嘘恋~キスから始まる君との恋~
沈黙が続く。
「今日は質問してこないの?」
「ネタ切れ」
「まあ最近はネタ切れか」
「マンネリ化倦怠期?」
「やめろよ、縁起でもない」
縁起でもないというか…
「何、黙っちゃって」
「蒼宙先輩さ」
「改まってどうしたんだよ」
「この関係終わりにしませんか?」
「あ?」
いつもより低い声に聞こえた。
「なんで?」
「質問のネタ切れたってことは、友達に提供するネタも切れたってこと。
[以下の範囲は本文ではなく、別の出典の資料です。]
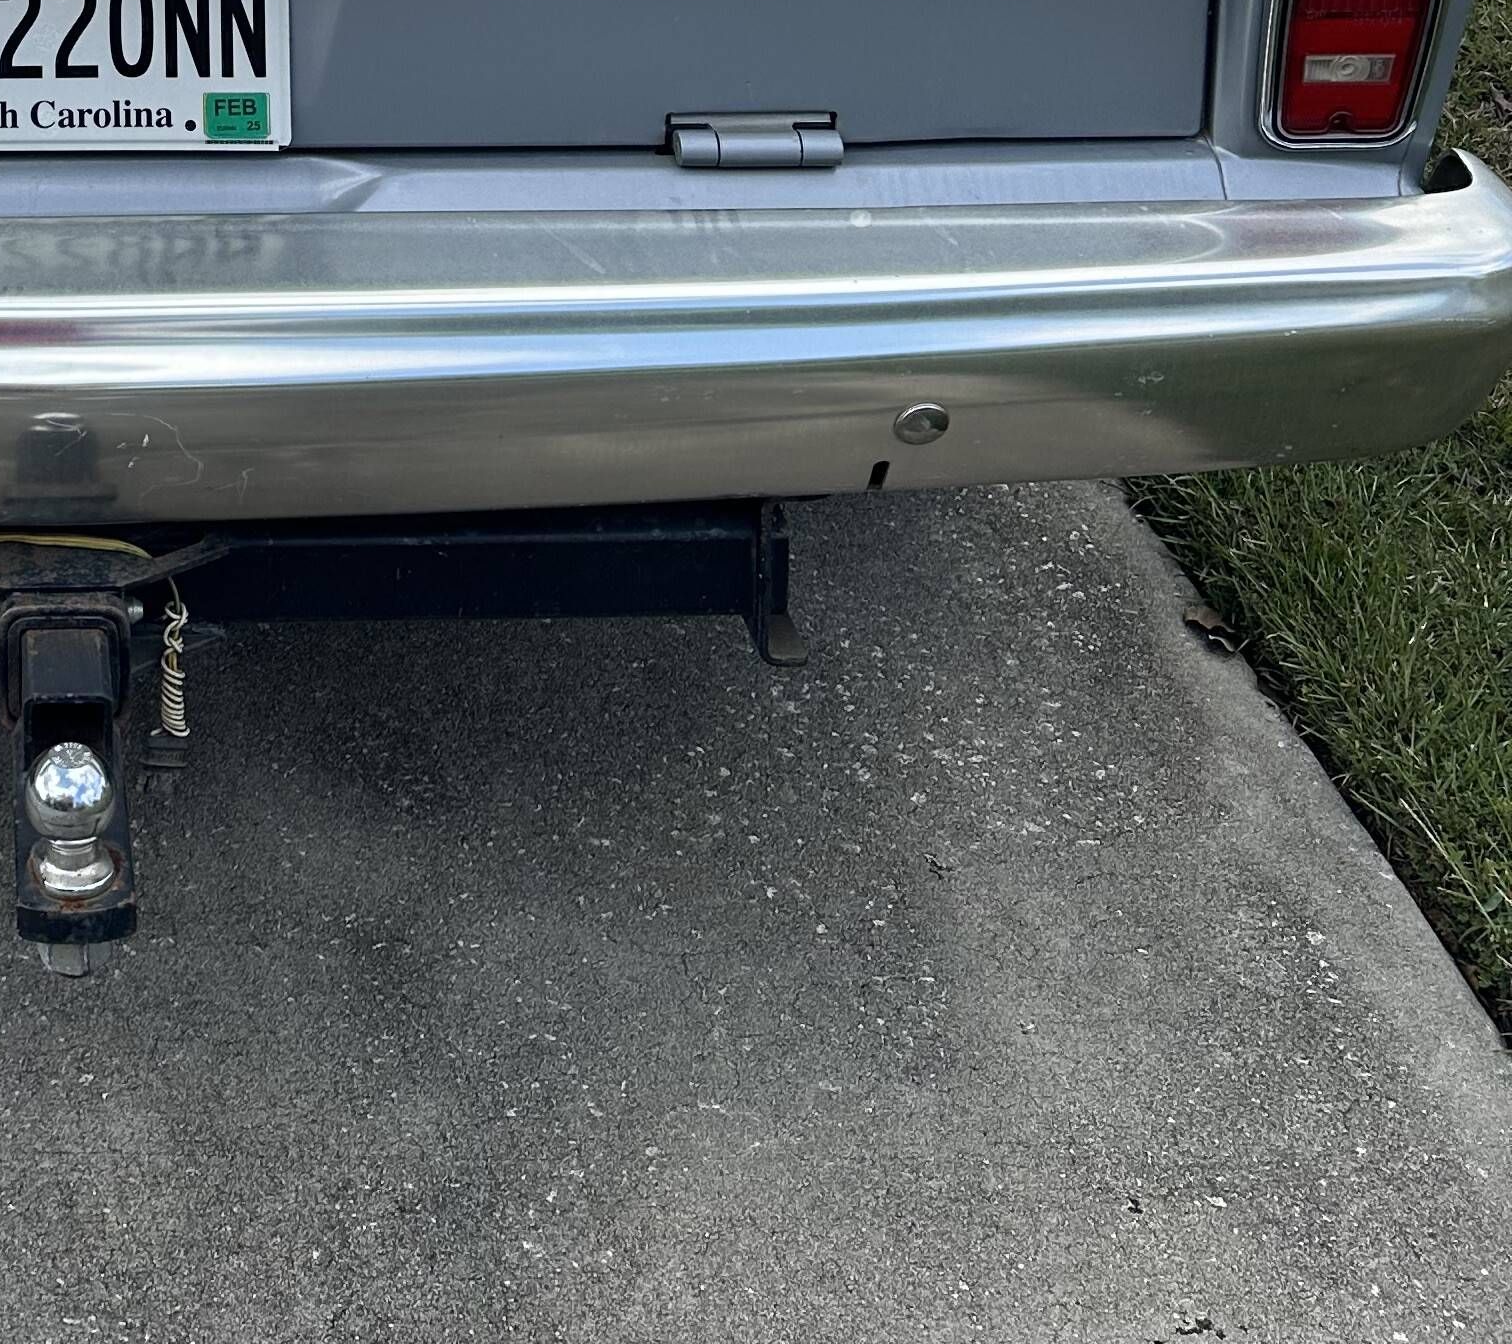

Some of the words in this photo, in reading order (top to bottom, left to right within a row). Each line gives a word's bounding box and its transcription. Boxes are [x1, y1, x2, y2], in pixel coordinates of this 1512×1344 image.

[30, 99, 174, 130] Carolina
[214, 98, 258, 117] FEB
[247, 120, 261, 132] 25
そしたら、私は蒼宙先輩と付き合う理由ないじゃないですか」
そうだ、付き合う理由なんて……本来ないんだ。
自分で言っていて少し泣きそうになった。
「だからもういいですよ、付き合ってくれなくて。ありがとうございました。あとは友達にバトンタッチします。友達は可愛いので、理想の彼女じゃないですか?私とは違って、自慢できる彼女ですよ」
半ば捲し立てるように言っていた。
「…なあ、本気で言ってる?」
「なんで怒ってるんですか…」
「なんでってそりゃ…」
蒼宙先輩は目を泳がす。
「家着いたんで、じゃあそういうことで。遠回りなのに送ってくれてありがとうございました」
「ふざけんなっ…」
「っ…」
先輩に後ろから左腕で抱き締められる。右手で傘を持って、そのまま右腕でも抱き締めてくる。